Data for analysis:

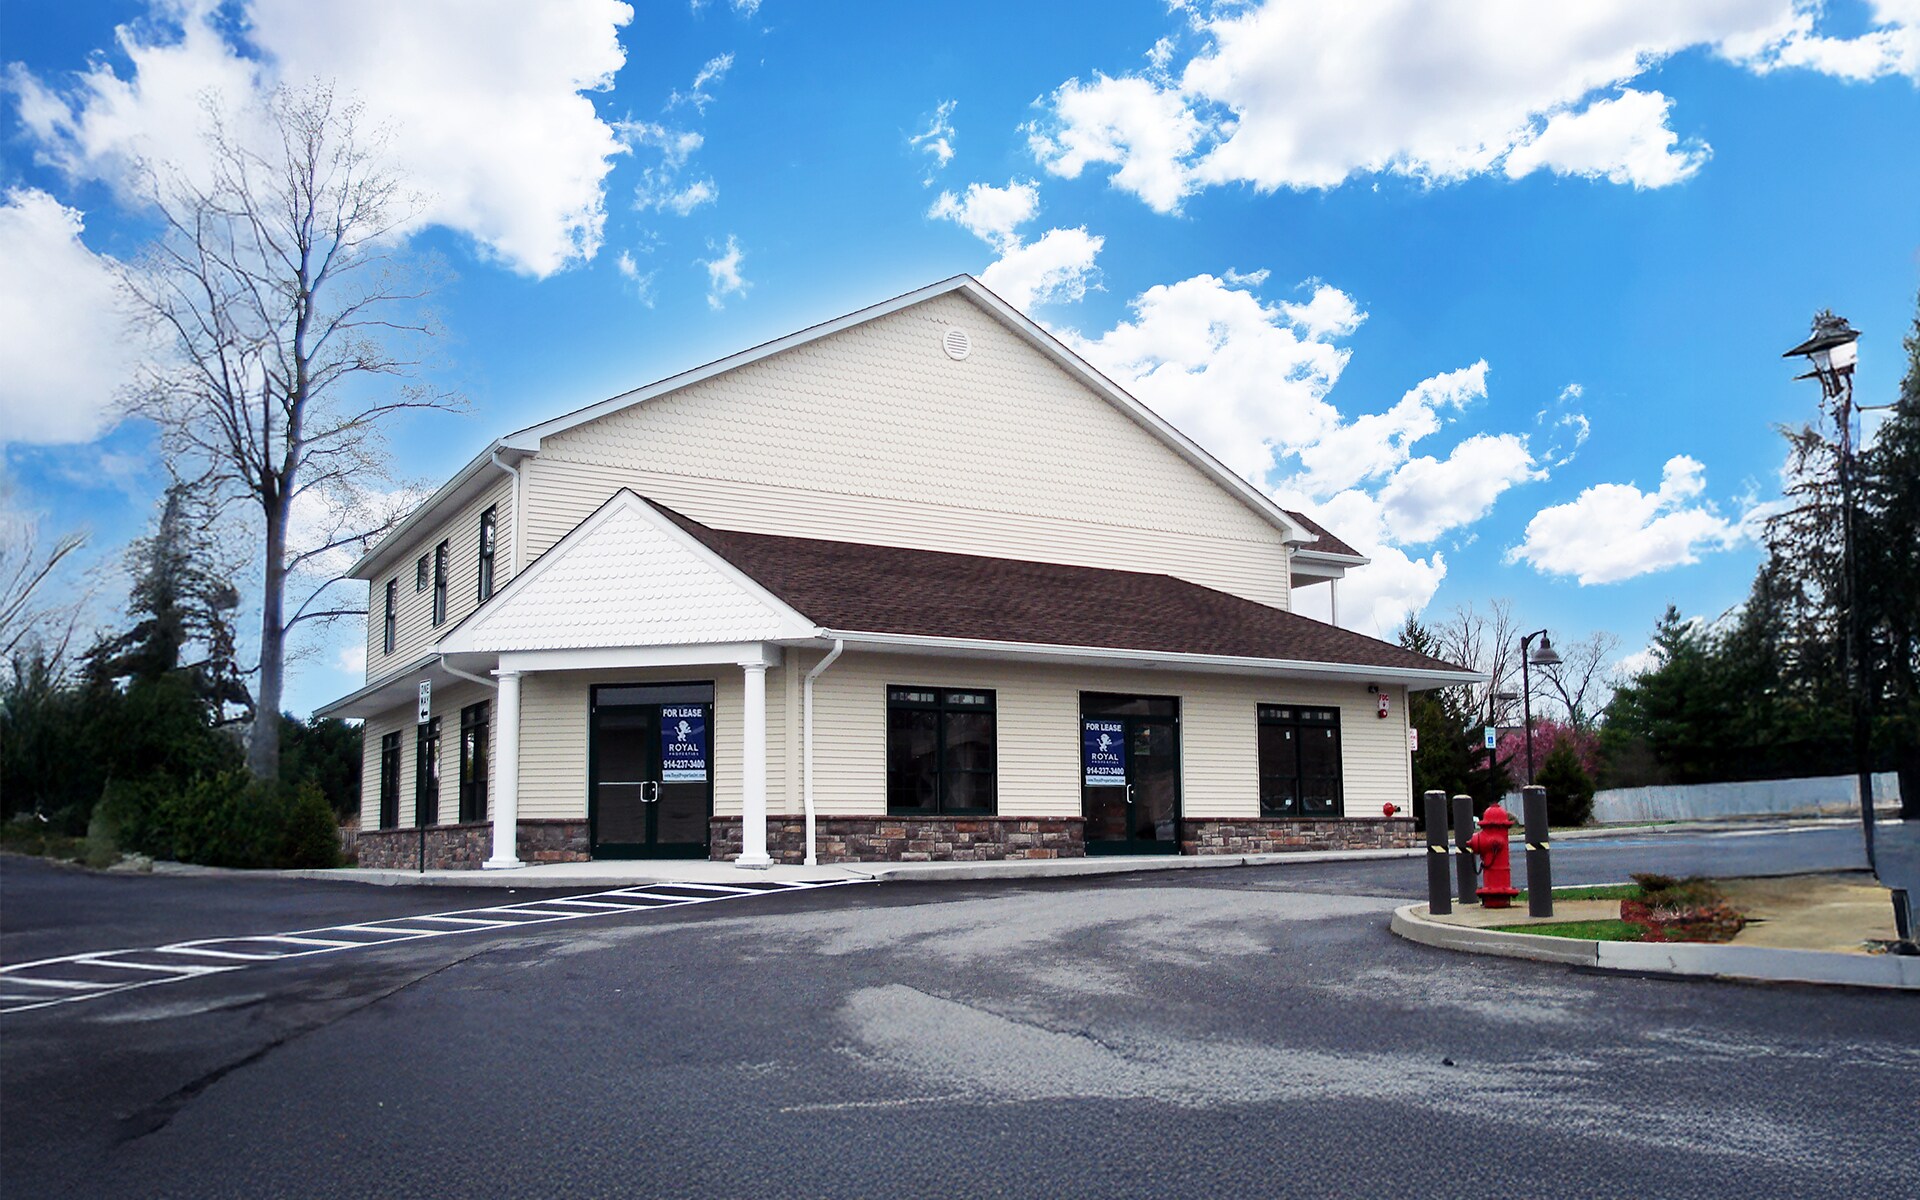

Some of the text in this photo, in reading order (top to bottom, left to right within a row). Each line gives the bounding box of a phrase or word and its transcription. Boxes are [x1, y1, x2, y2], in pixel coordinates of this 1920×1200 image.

[663, 708, 702, 717] FOR LEASE
[1086, 722, 1122, 732] FOR LEASE
[669, 743, 699, 752] ROYAL
[663, 760, 705, 769] 914-237-3400
[1086, 767, 1125, 775] 914-237-3400
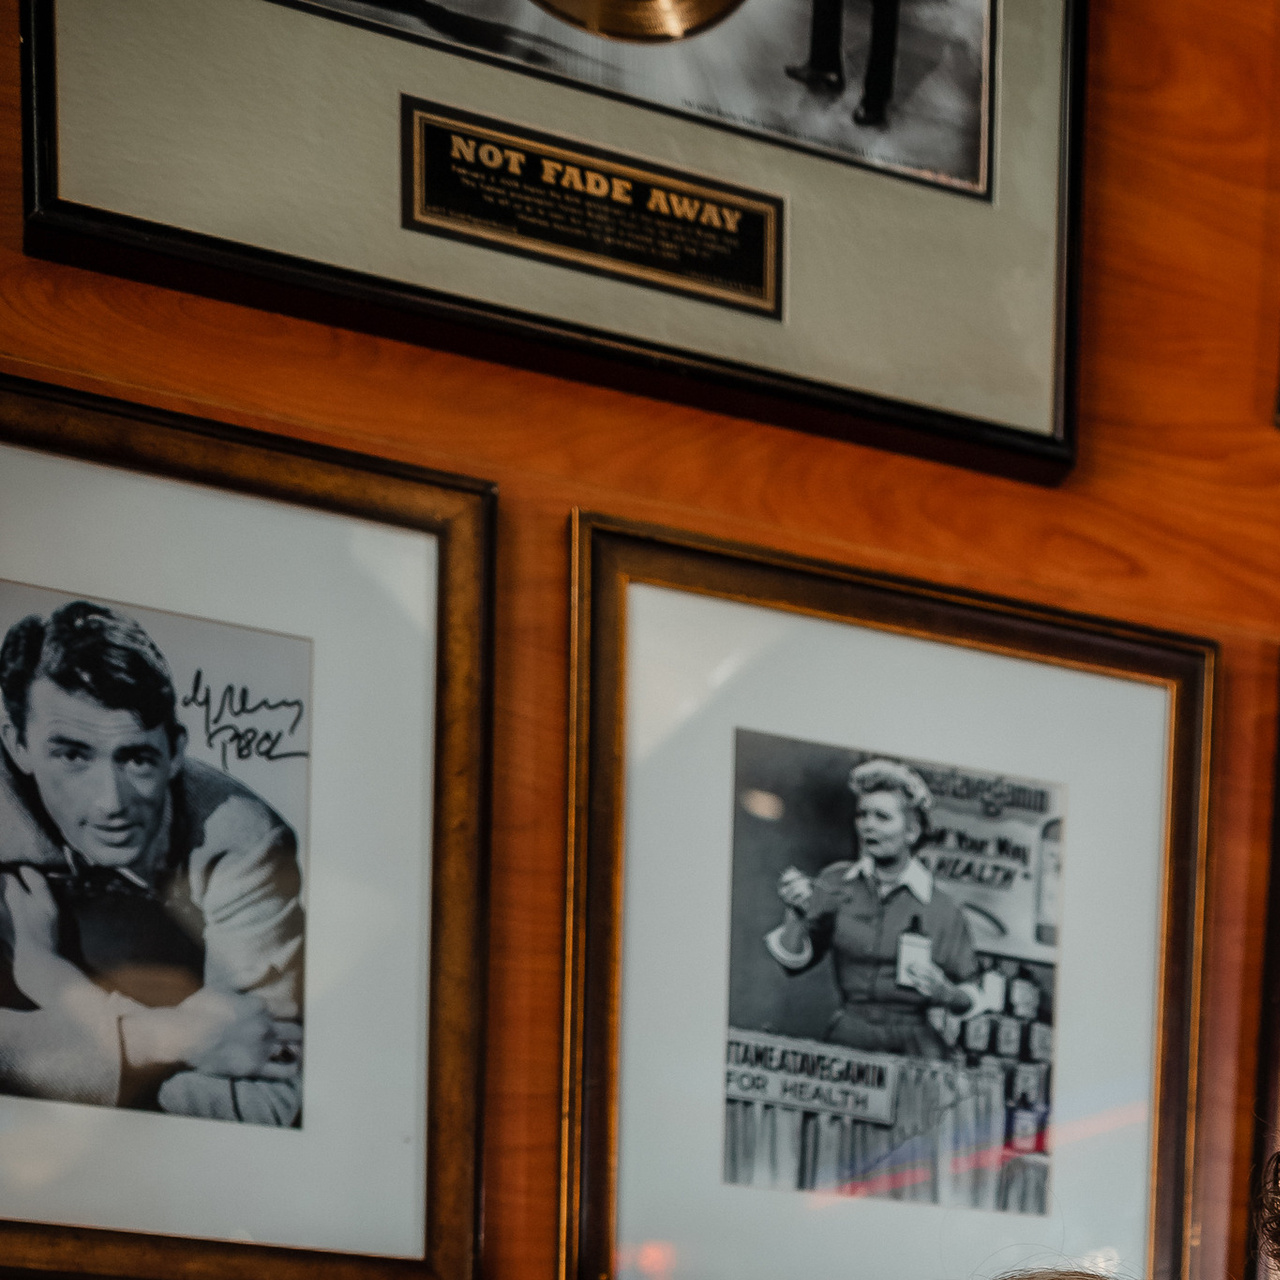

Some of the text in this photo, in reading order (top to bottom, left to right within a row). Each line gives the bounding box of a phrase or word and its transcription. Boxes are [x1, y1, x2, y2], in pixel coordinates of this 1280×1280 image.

[450, 134, 526, 176] NOT
[541, 157, 634, 205] FADE
[646, 187, 744, 234] AWAY
[780, 1078, 870, 1111] HEALTH
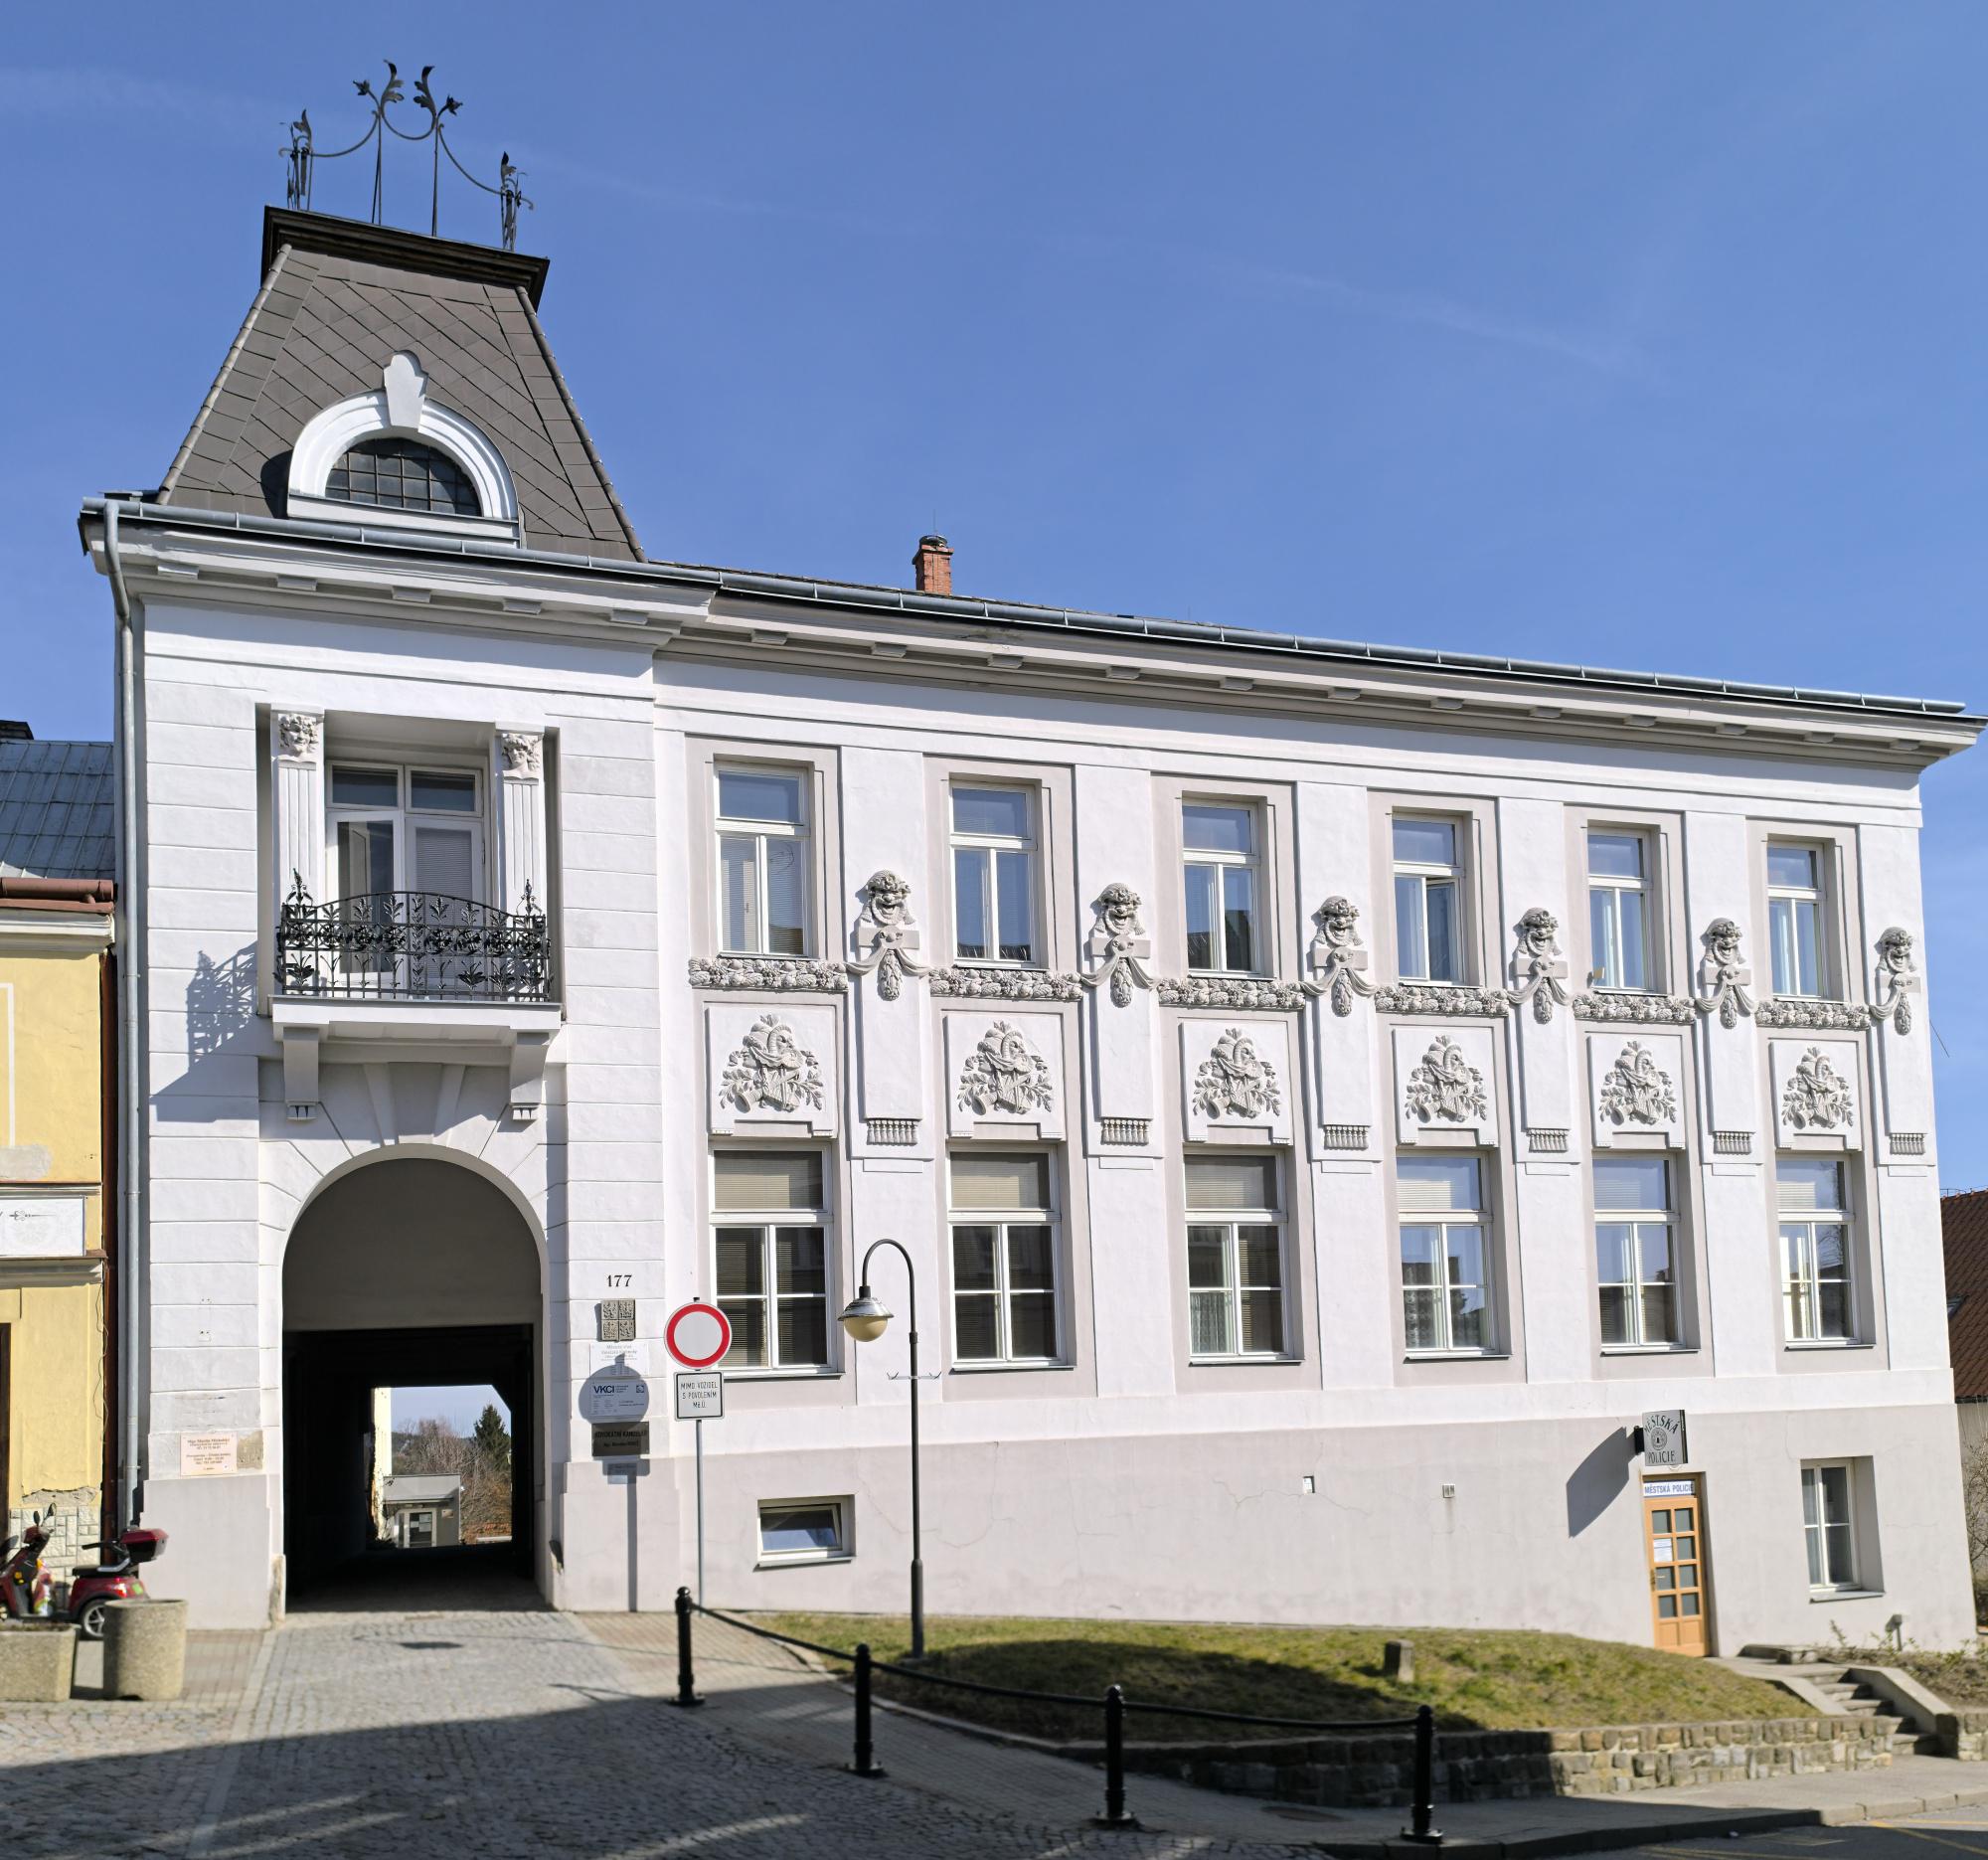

Directions: Your task is to print exactly the lines from the one containing "this 1280×1280 image." through the final line of the records above, with no pictures and nothing more.

Exercise output:
Some of the text in this photo, in reading order (top to bottom, left to right within a row). Each line gives the bounding box of a phrase or word and its transcription. Boxes are [x1, y1, x2, y2], in pixel coordinates of this 1280×1280 image.

[450, 134, 526, 176] NOT
[541, 157, 634, 205] FADE
[646, 187, 744, 234] AWAY
[780, 1078, 870, 1111] HEALTH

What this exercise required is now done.